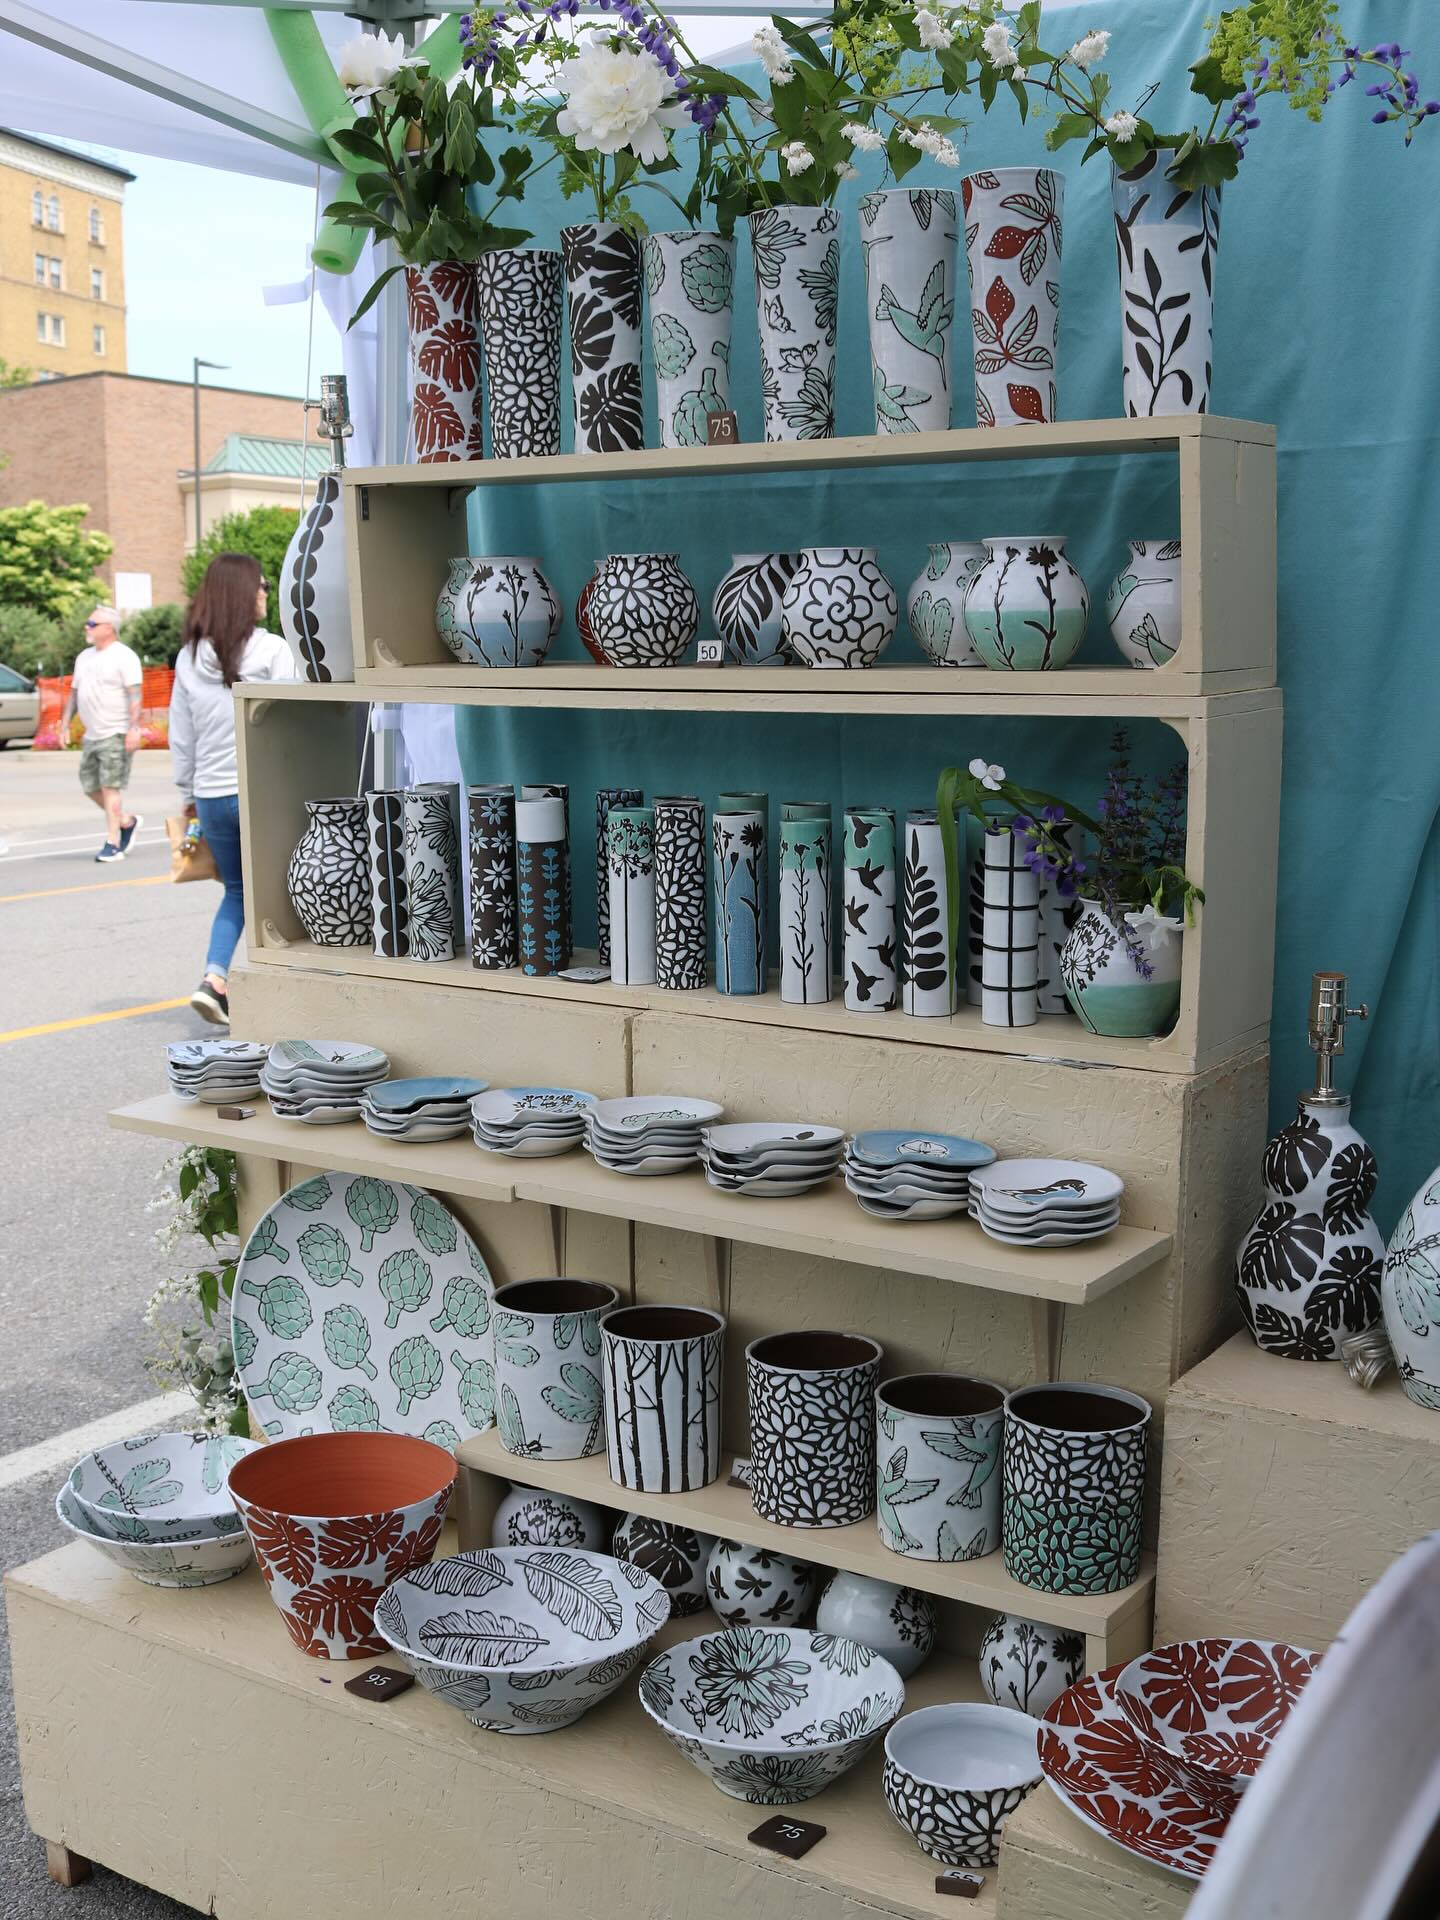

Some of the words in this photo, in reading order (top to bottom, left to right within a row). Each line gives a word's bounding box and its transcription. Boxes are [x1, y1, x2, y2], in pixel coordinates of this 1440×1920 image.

[711, 417, 731, 438] 75
[701, 645, 717, 660] 50
[364, 1673, 391, 1686] 95
[775, 1824, 805, 1839] 75
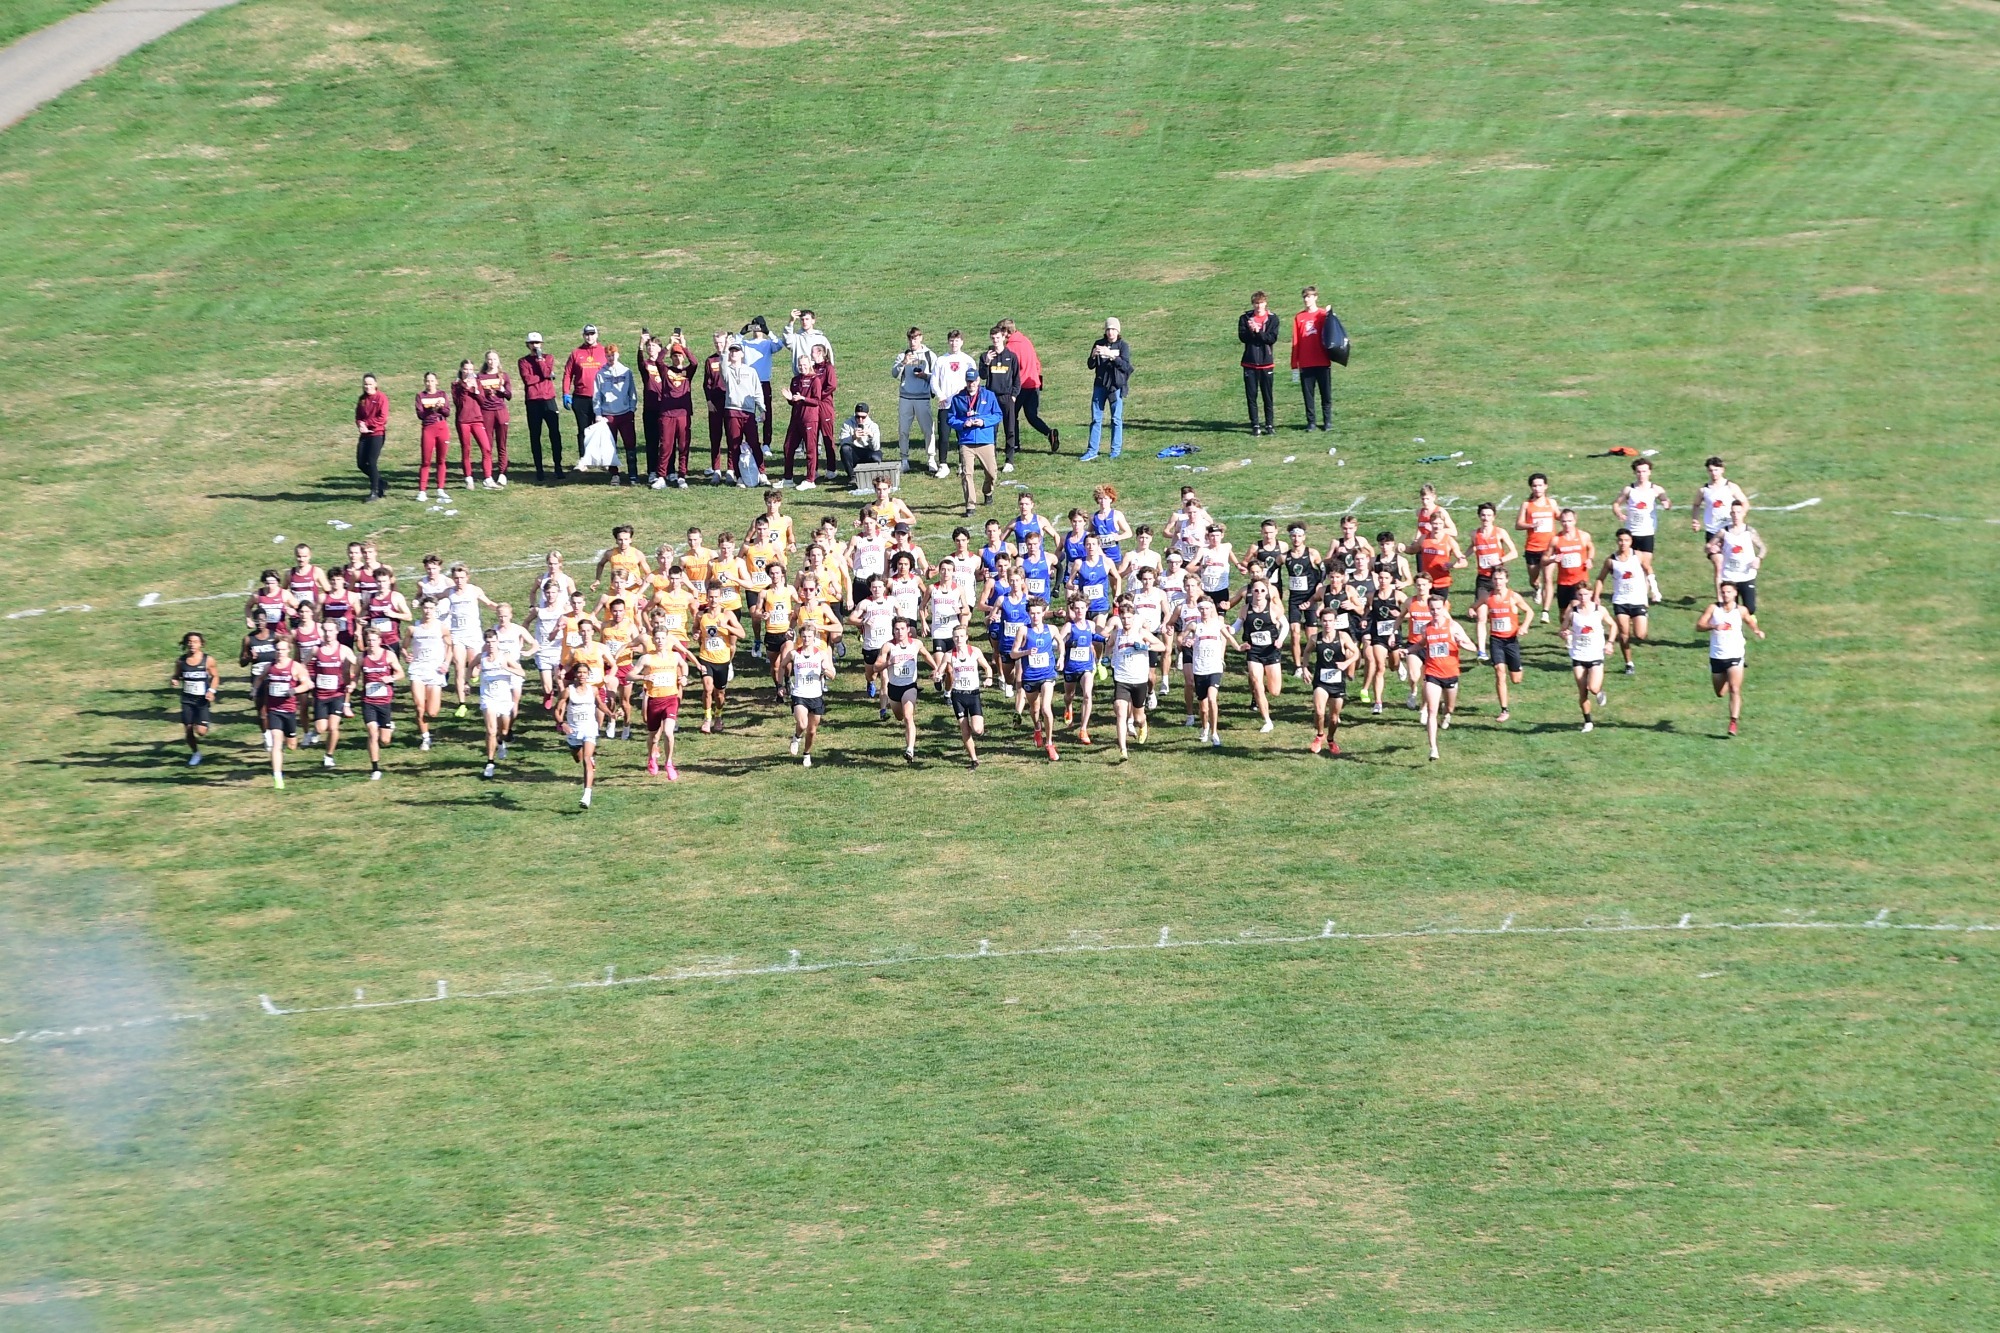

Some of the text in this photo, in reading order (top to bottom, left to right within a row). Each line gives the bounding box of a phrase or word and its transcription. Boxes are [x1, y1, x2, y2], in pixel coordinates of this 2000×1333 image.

[1029, 582, 1040, 590] 147
[708, 640, 720, 649] 164
[898, 667, 910, 676] 140
[960, 679, 971, 687] 134

=====

Copy every record exactly as written, leaving out the pictures.

SOLUTION TO THIS TASK
Some of the words in this photo, in reading order (top to bottom, left to right within a row). Each line gives a word's bounding box and its transcription. Boxes are [x1, y1, x2, y2], in pixel coordinates of this 1440×1920 image.

[711, 417, 731, 438] 75
[701, 645, 717, 660] 50
[364, 1673, 391, 1686] 95
[775, 1824, 805, 1839] 75

Some of the text in this photo, in reading order (top to bottom, left to right within a row). Each line gives the bounding box of a phrase or word and its transcription. Boxes are [x1, y1, x2, y2], in pixel coordinates of this 2000×1333 image.

[1029, 582, 1040, 590] 147
[708, 640, 720, 649] 164
[898, 667, 910, 676] 140
[960, 679, 971, 687] 134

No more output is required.